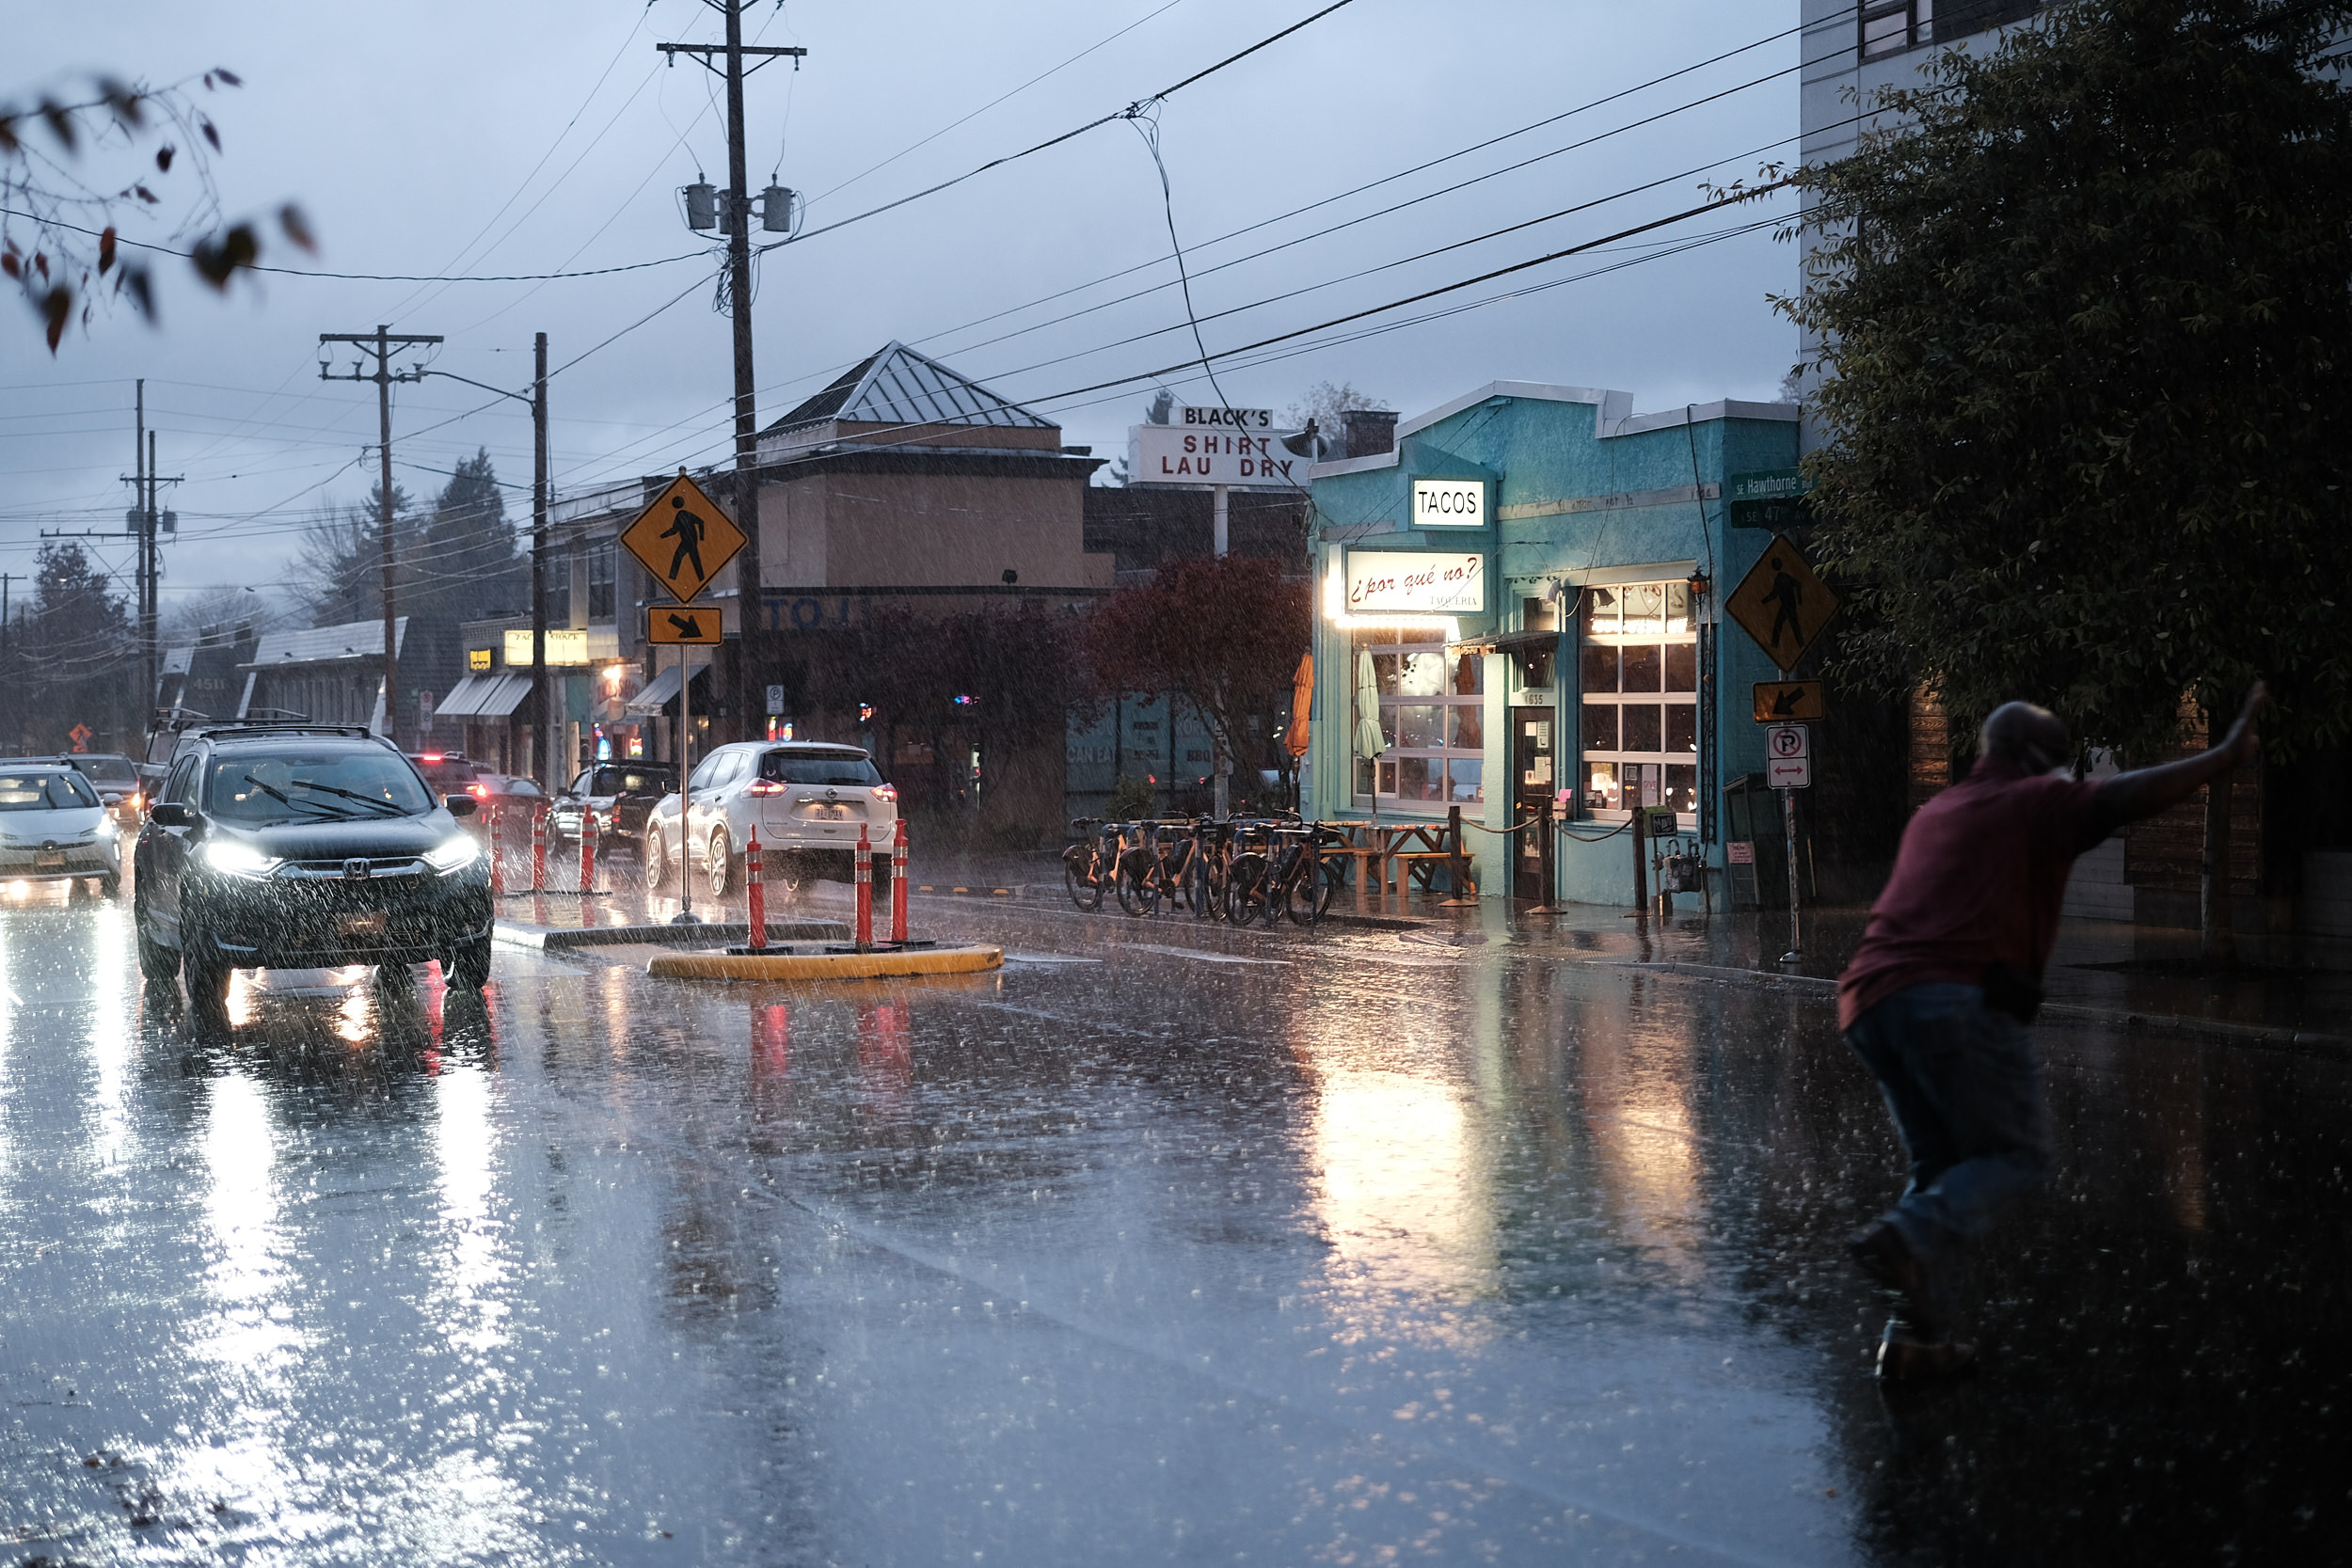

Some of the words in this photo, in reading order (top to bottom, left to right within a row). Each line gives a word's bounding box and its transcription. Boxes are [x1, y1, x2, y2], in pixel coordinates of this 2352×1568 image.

[1185, 407, 1269, 426] BLACK'S
[1184, 435, 1271, 455] SHIRT
[1162, 455, 1212, 475] LAU
[1240, 458, 1294, 478] DRY
[1737, 483, 1744, 495] SE
[1747, 475, 1796, 494] Hawthorne
[1418, 491, 1476, 515] TACOS
[1746, 511, 1758, 522] SE
[1351, 578, 1395, 604] ¿por
[1404, 564, 1437, 596] qué
[1444, 557, 1478, 582] no?
[1431, 595, 1477, 608] TAQUERIA
[1066, 747, 1093, 763] CAN
[1187, 750, 1211, 763] BBQ
::::::
TASK PROMPT: Output each of the lines above exactly, apart from the images.

WRITTEN RESPONSE:
Some of the words in this photo, in reading order (top to bottom, left to right within a row). Each line gives a word's bounding box and its transcription. Boxes are [x1, y1, x2, y2], in pixel coordinates of this 2352×1568 image.

[1185, 407, 1269, 426] BLACK'S
[1184, 435, 1271, 455] SHIRT
[1162, 455, 1212, 475] LAU
[1240, 458, 1294, 478] DRY
[1737, 483, 1744, 495] SE
[1747, 475, 1796, 494] Hawthorne
[1418, 491, 1476, 515] TACOS
[1746, 511, 1758, 522] SE
[1351, 578, 1395, 604] ¿por
[1404, 564, 1437, 596] qué
[1444, 557, 1478, 582] no?
[1431, 595, 1477, 608] TAQUERIA
[1066, 747, 1093, 763] CAN
[1187, 750, 1211, 763] BBQ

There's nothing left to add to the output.